Found 5814 unique tokens.


## Create the Model

In [12]:
from keras.models import Sequential
from keras.layers import Embedding
from keras.layers import LSTM
from keras.layers import Activation, Dense
from keras.layers import Dense, Input, GlobalMaxPooling1D
from keras.callbacks import ModelCheckpoint, EarlyStopping

model=Sequential()

#embedding layer
model.add(Embedding(size_of_vocabulary,300,input_length=14,trainable=True)) 

#lstm layer
model.add(LSTM(128,return_sequences=True,dropout=0.2))

#Global Maxpooling
model.add(GlobalMaxPooling1D())

#Dense Layer
model.add(Dense(64,activation='relu')) 
model.add(Dense(1,activation='sigmoid')) 

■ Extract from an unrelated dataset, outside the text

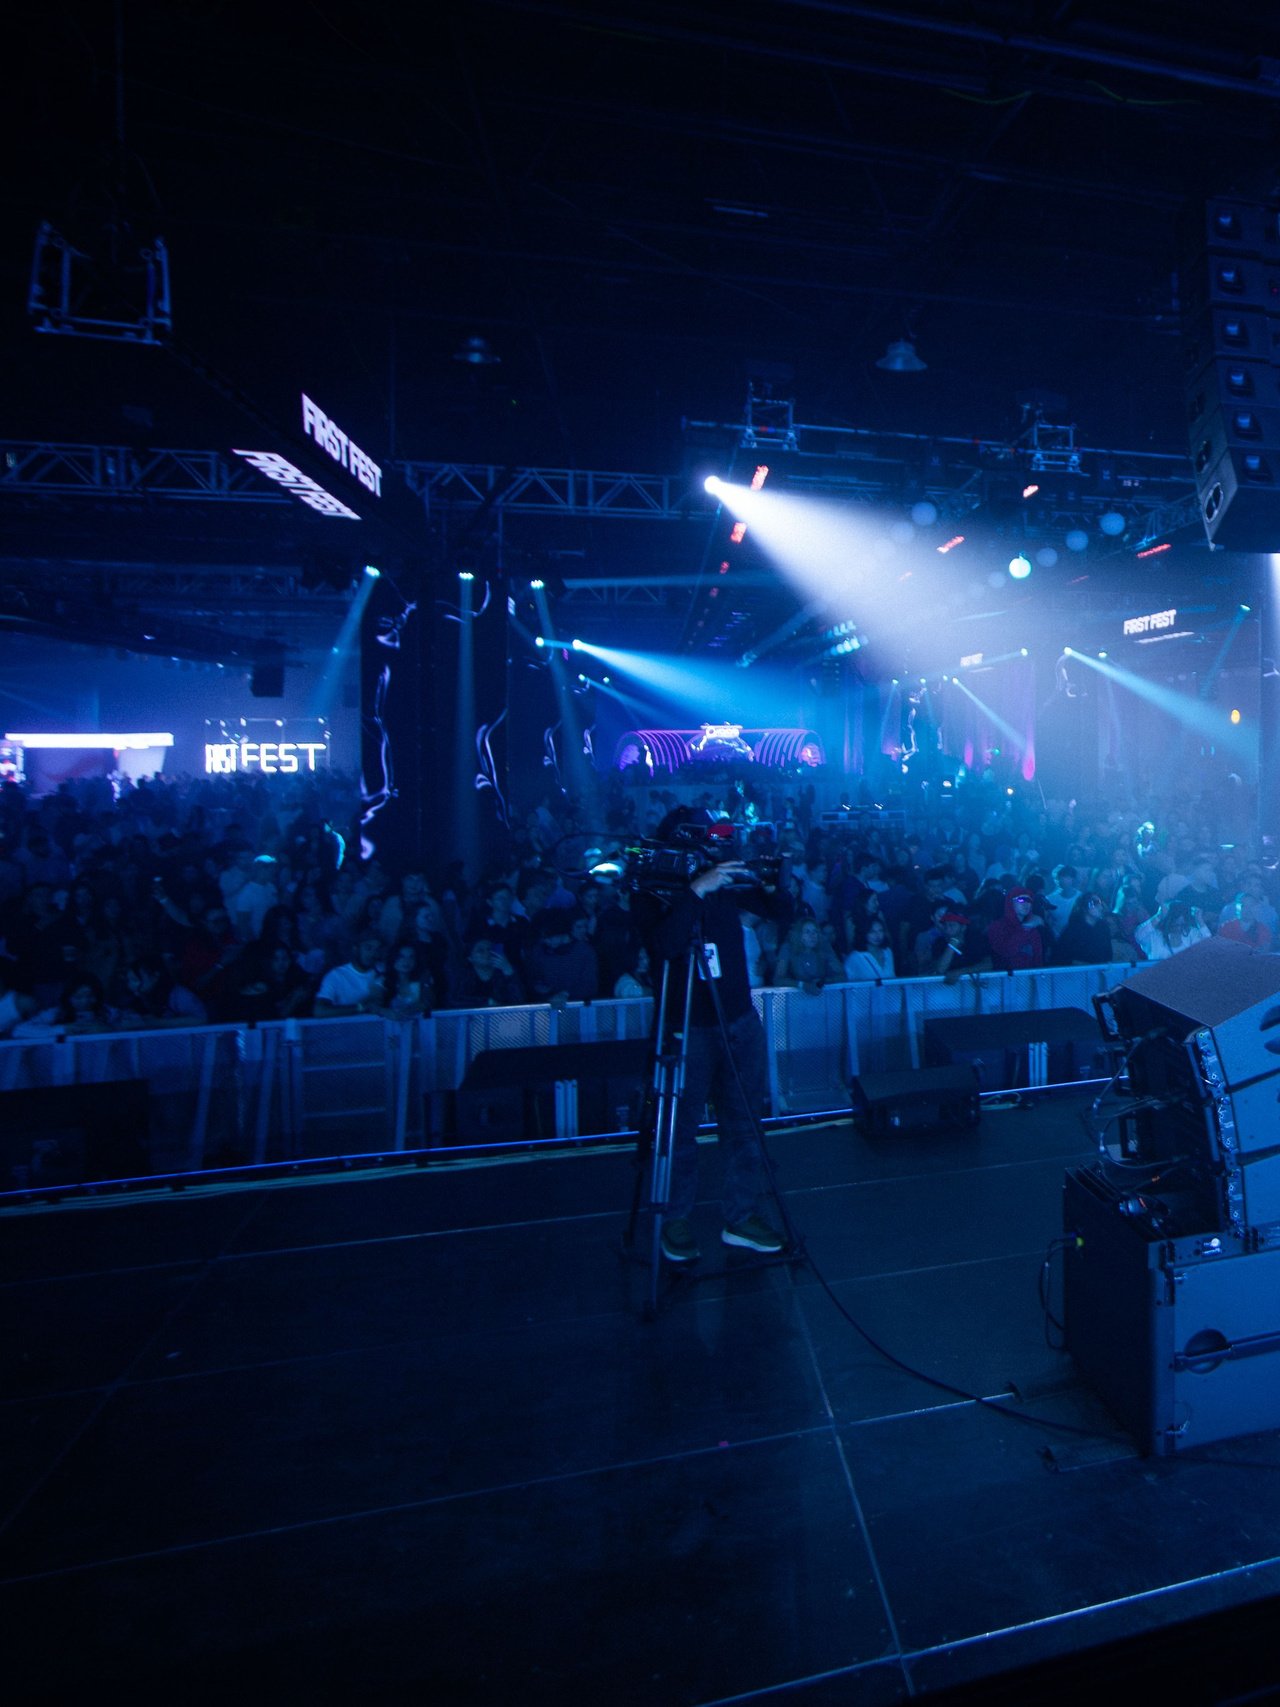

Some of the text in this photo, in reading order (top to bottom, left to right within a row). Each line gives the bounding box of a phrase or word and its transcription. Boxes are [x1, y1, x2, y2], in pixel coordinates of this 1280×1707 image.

[302, 392, 383, 498] FIRST FEST
[1123, 609, 1177, 635] FIRST FEST
[241, 743, 327, 773] FEST

#Add loss function, metrics, optimizer

model.compile(optimizer='adam', loss='mean_squared_error') 

#Adding callbacks
#es = EarlyStopping(monitor='val_loss', mode='min', verbose=1,patience=10)  
#mc=ModelCheckpoint('best_model.h5', monitor='val_loss', mode='max', save_best_only=True,verbose=1)  

#Print summary of model
print(model.summary())

Model: "sequential_1"
_________________________________________________________________
Layer (type)                 Output Shape              Param #   
embedding_1 (Embedding)      (None, 14, 300)           1744500   
_________________________________________________________________
lstm_1 (LSTM)                (None, 14, 128)           219648    
_________________________________________________________________
global_max_pooling1d_1 (Glob (None, 128)               0         
_________________________________________________________________
dense_1 (Dense)              (None, 64)                8256      
_________________________________________________________________
dense_2 (Dense)              (None, 1)                 65        
Total params: 1,972,469
Trainable params: 1,972,469
Non-trainable params: 0
_________________________________________________________________
None


## Fit the Model

In [13]:
history = model.fit(np.array(x_tr_seq),
                    np.array(y_tr),
                    batch_size=128,
                    epochs=10,
                    validation_data=(np.array(x_val_seq),np.array(y_val)),
                    verbose=1)
                    #callbacks=[mc])

  "Converting sparse IndexedSlices to a dense Tensor of unknown shape. "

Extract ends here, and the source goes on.